Revenge. Isolation. Absolute self-conviction. Mistrust... At least
Morrissey's rhetoric is constant. But study the words and deeds of this
curious individual whose every spark of unfettered candour has kept the
music press enthralled throughout the two mercurial years of The Smiths'
existence and one can only conclude that here is a man whose convictions
tend to waver in certain key areas as mysteriously as they remain
consistent in others.
"He tends to vacillate terribly," one associate concludes, pointing to
Morrissey's love/hate relationship with Manchester, site of all his most
wretched spells of inner turmoil.
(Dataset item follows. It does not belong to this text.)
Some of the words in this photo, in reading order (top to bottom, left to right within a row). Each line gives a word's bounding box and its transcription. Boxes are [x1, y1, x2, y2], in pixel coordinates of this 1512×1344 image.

In the past, he would aim frenzied gobs
of invective at the Northern metropolis, vowing to escape the blighted
wasteland of his youth at the earliest moment. Nowadays the Mancunian
environment is deemed inescapably "precious", with both its former captive
and his songwriting partner eulogizing the North as the crucial source of
inspiration for their music. Both Morrissey and Marr stress how essential
it was that sessions for their second LP,
Meat Is Murder, took place in
Liverpool's Amazon studios amidst earthy Northern badinage as opposed to
studios in London where they were made to feel like nuisances and
timewasters in the proximity of lavish multi-track equipment.
Indeed, ask any of the coterie at Rough Trade whose job it is to abet The
Smiths' maverick journey over and around the black hole of pure pop fun
and after due homage has been paid to the group's 'brilliance' and
'commitment' (no videos, no megabuck ad campaigns, no flim flam)
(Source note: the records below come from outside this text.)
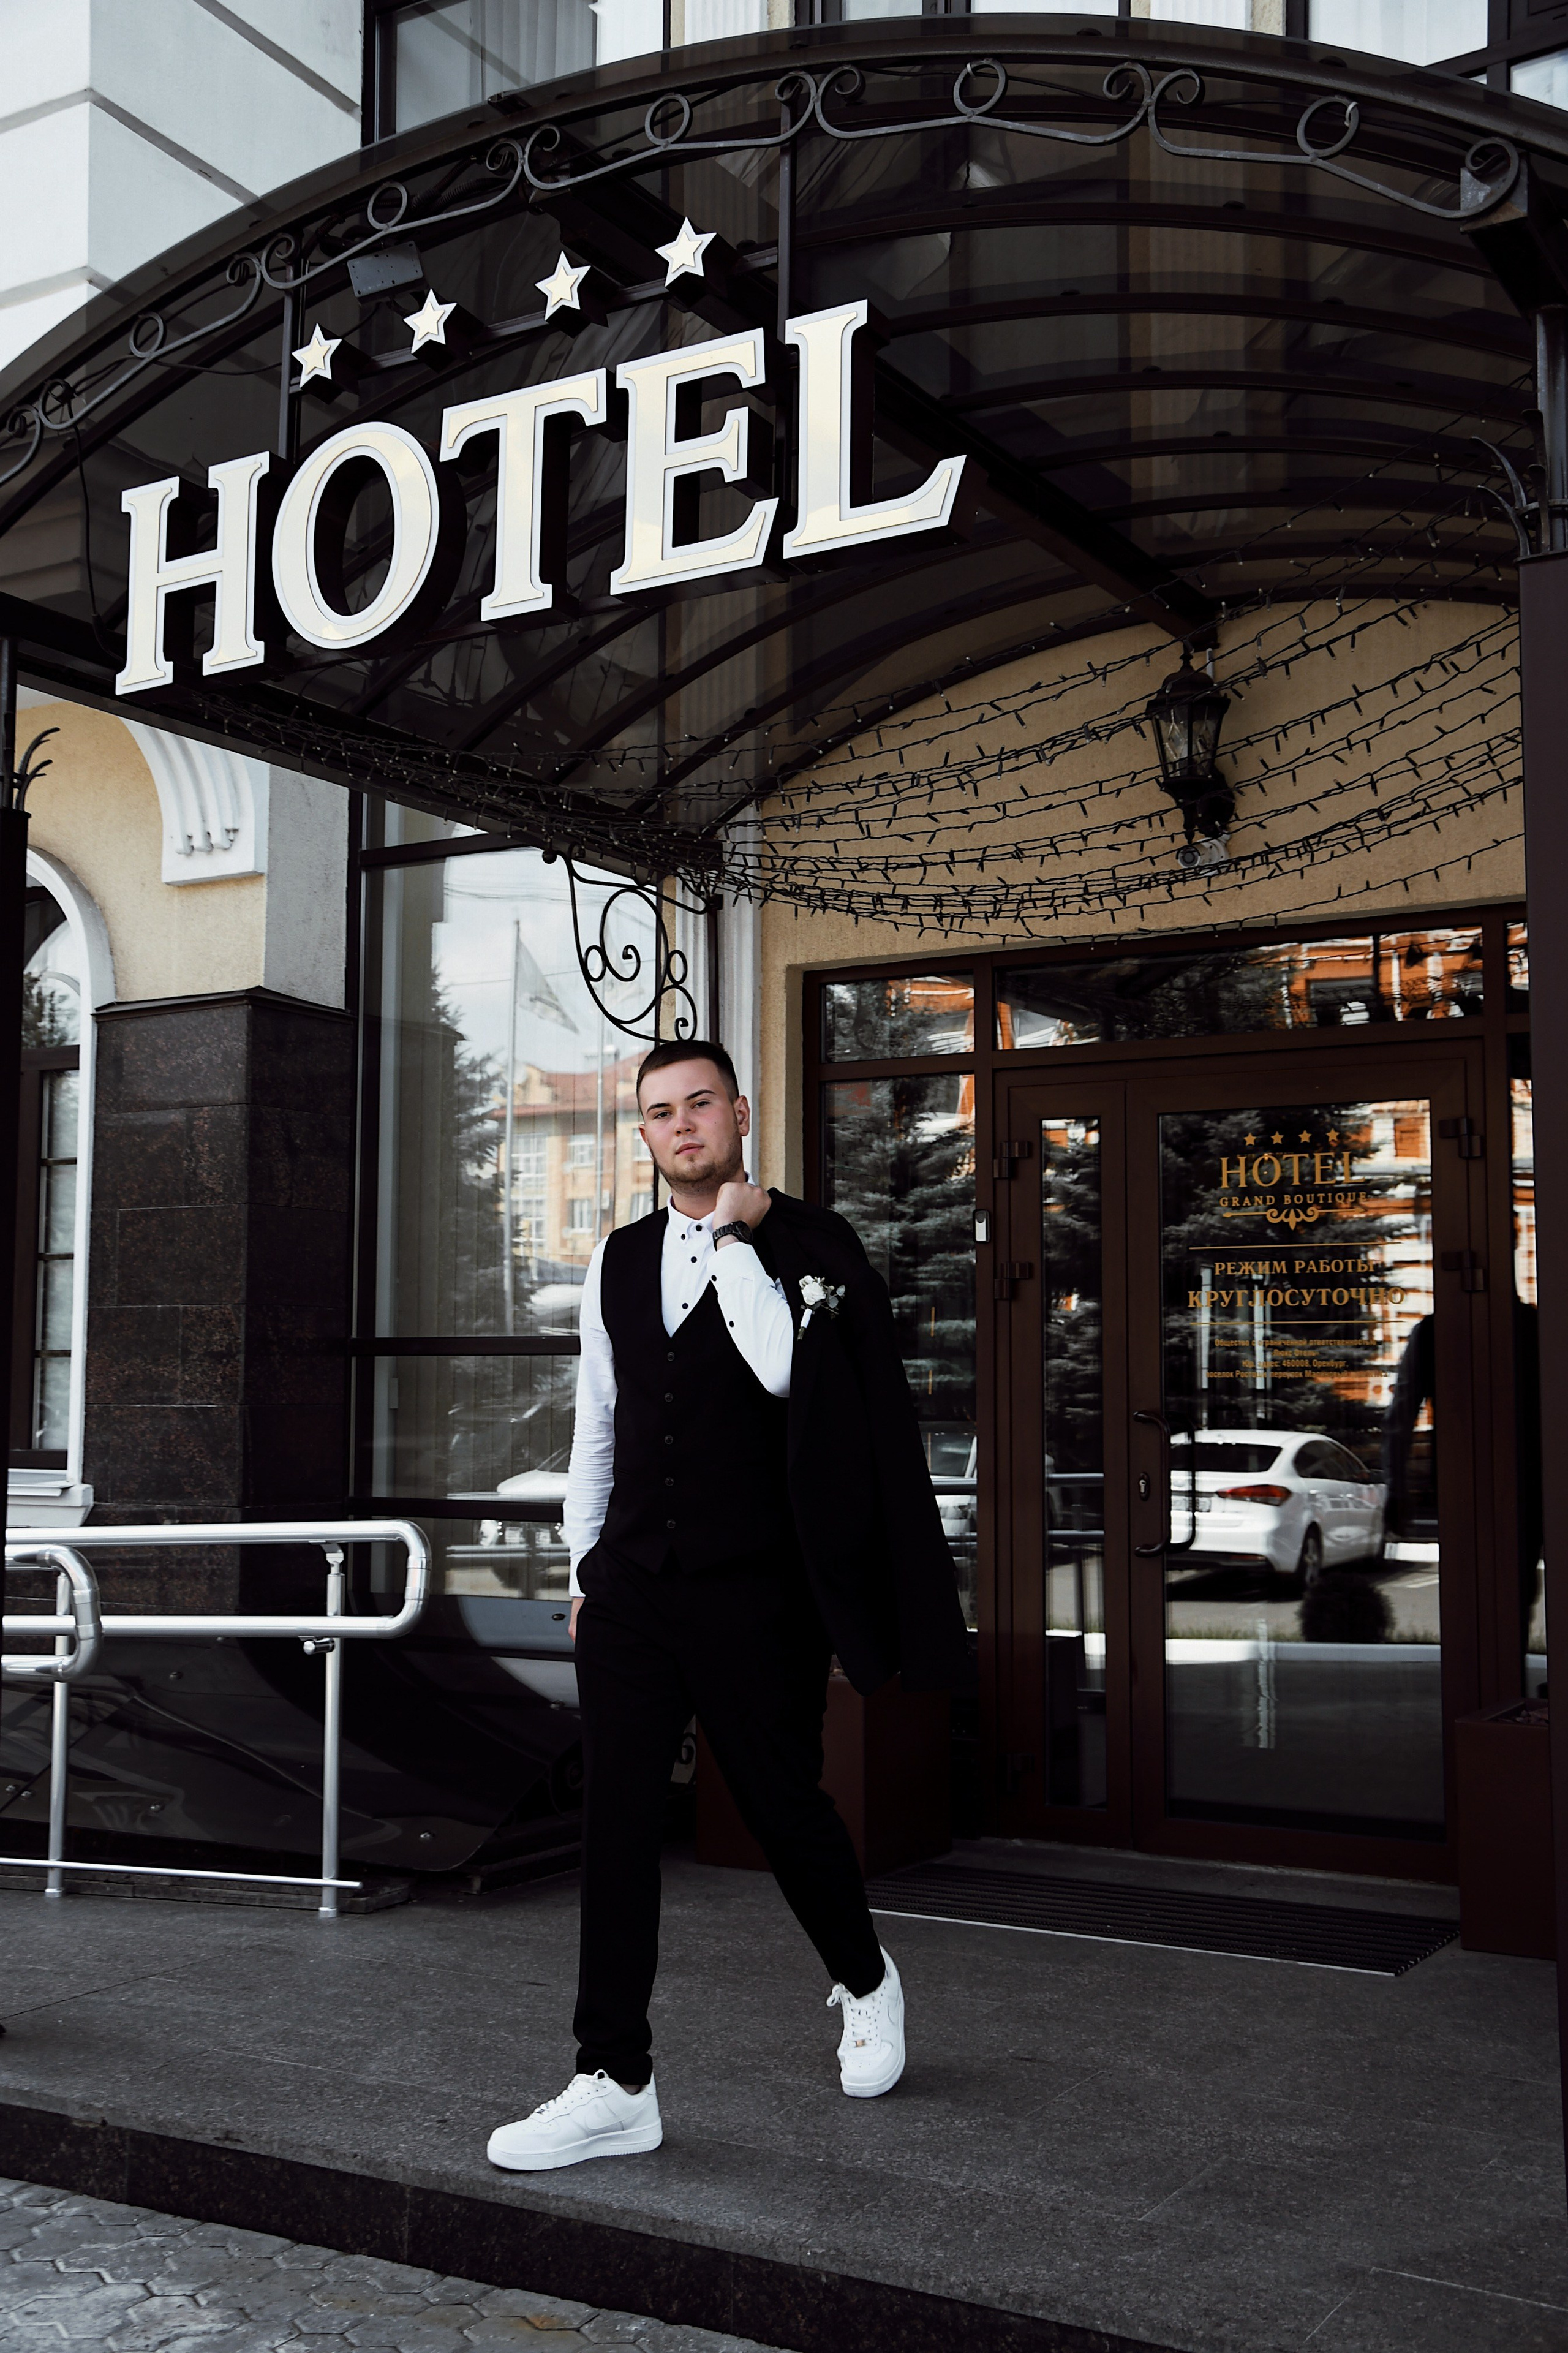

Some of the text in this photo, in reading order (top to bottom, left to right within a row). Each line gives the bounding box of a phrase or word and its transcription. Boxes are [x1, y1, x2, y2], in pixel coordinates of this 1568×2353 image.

[115, 299, 967, 695] HOTEL
[1220, 1151, 1366, 1188] HOTEL
[1219, 1192, 1368, 1207] GRAND BOUTIQUE
[1214, 1258, 1376, 1275] РЕЖИМ РАБОТЫ
[1188, 1286, 1406, 1308] КРУГЛОСУТОЧНО
[1258, 1339, 1307, 1347] ограниченной
even a stalwart like Geoff Travis of Rough Trade will finally admit that
their insularity has caused considerable problems. Manager Scott
Piering declares himself "utterly won over by the results. In almost
every instance, they have proved themselves right." His assistant Martha
Defoe however criticises what she calls an "extreme naivety" on their
part. "There have been occasions when they've been influenced by certain
parties that anyone else in this business wouldn't give houseroom to."
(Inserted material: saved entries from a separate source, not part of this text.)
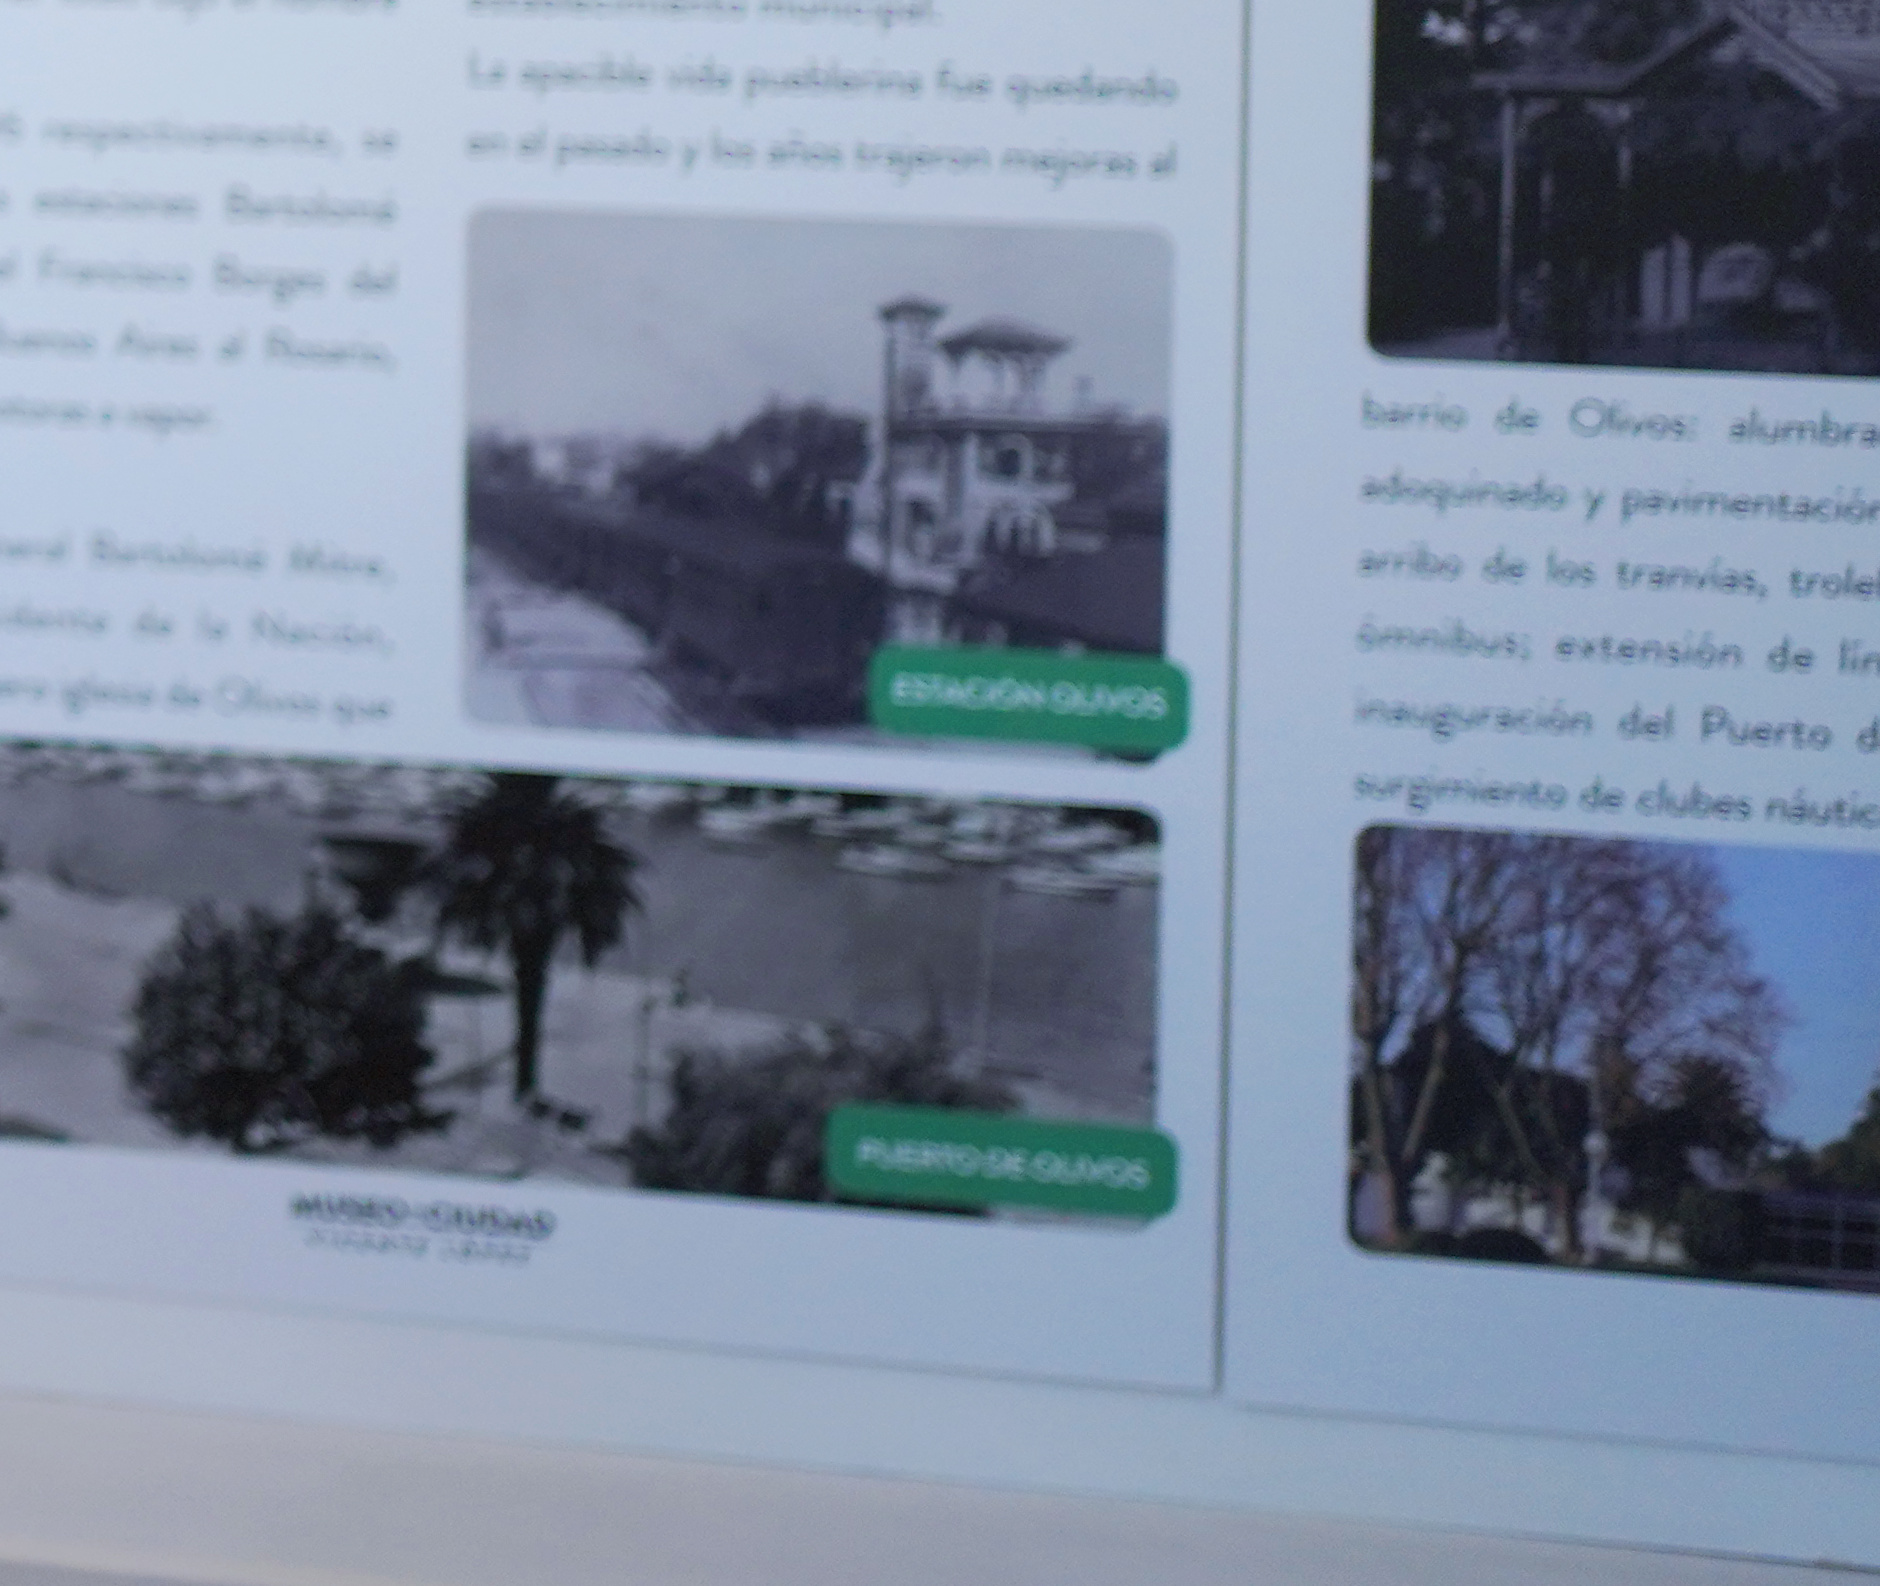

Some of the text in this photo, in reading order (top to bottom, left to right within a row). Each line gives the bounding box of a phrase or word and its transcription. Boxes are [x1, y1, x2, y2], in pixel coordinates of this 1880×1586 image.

[465, 47, 1181, 112] La apacible vida pueblerina fue quedando
[464, 123, 1179, 192] en el pasado y los años trajeron mejoras al
[1359, 388, 1470, 433] barrio
[1493, 395, 1543, 436] de
[1358, 465, 1571, 518] adoquinado
[1582, 486, 1608, 526] y
[1356, 539, 1466, 583] arribo
[1480, 543, 1529, 586] de
[1545, 546, 1598, 588] los
[1614, 555, 1770, 603] tranvías,
[1354, 611, 1533, 664] ómnibus;
[1553, 629, 1745, 670] extensión
[1765, 634, 1817, 675] de
[892, 671, 1169, 721] ESTACIÓN OLIVOS
[1352, 685, 1596, 744] inauguración
[1615, 701, 1677, 742] del
[1698, 703, 1835, 751] Puerto
[1352, 765, 1569, 814] surgimiento
[1577, 774, 1626, 814] de
[1634, 777, 1754, 822] clubes
[854, 1136, 1151, 1193] PUERTO DE OLIVOS
Add to this the not infrequent phone calls of Mrs. Dwyer, doting mother of
Morrissey who, since her retirement as a librarian, virtually lives for
her son, viewing his career in an industry that is "full of sharks" with
extreme concern. Travis in particular has found himself having to placate
this formidable woman's accusations that all he and his record company are
interested in is making as much money as possible out of her flesh and
blood's sweat and strain.
Geoff Travis is clearly besotted with The Smiths. And for every
frustration there is a bonus potentially as vast as that very first time
when, having witnessed an early Rock Garden performance unmoved, Travis
was cornered in the kitchen of Rough Trade's old West London offices by
Johnny Marr and bassist Rourke and forced to listen to a demo of
Hand In Glove,
financed by Joe Moss.
"I remember Johnny glowing with pride saying 'This is it! Just listen to
this.' I was helplessly won over."
Since that time Rough Trade have lost their three most formidable
pre-Smiths acts - Aztec Camera ("Roddy Frame's ambitions were simply too
grand for us"), Scritti Politti (ditto Green's recording bills) and The
Fall. Here was a conflict of interest, whether Travis, the eternal
music-loving idealist, saw it or not. Certainly he perceives Fall leader
Mark E. Smith as a figure "who will always consider himself the spokesman
of the Northern roots culture, a culture centered in Manchester". He
recalls the tenacious Mark Smith voicing extensive grievance over RT's
desires to seek "pop perfection," an obvious jab at that other Mancunian
group who had after all started out supporting The Fall.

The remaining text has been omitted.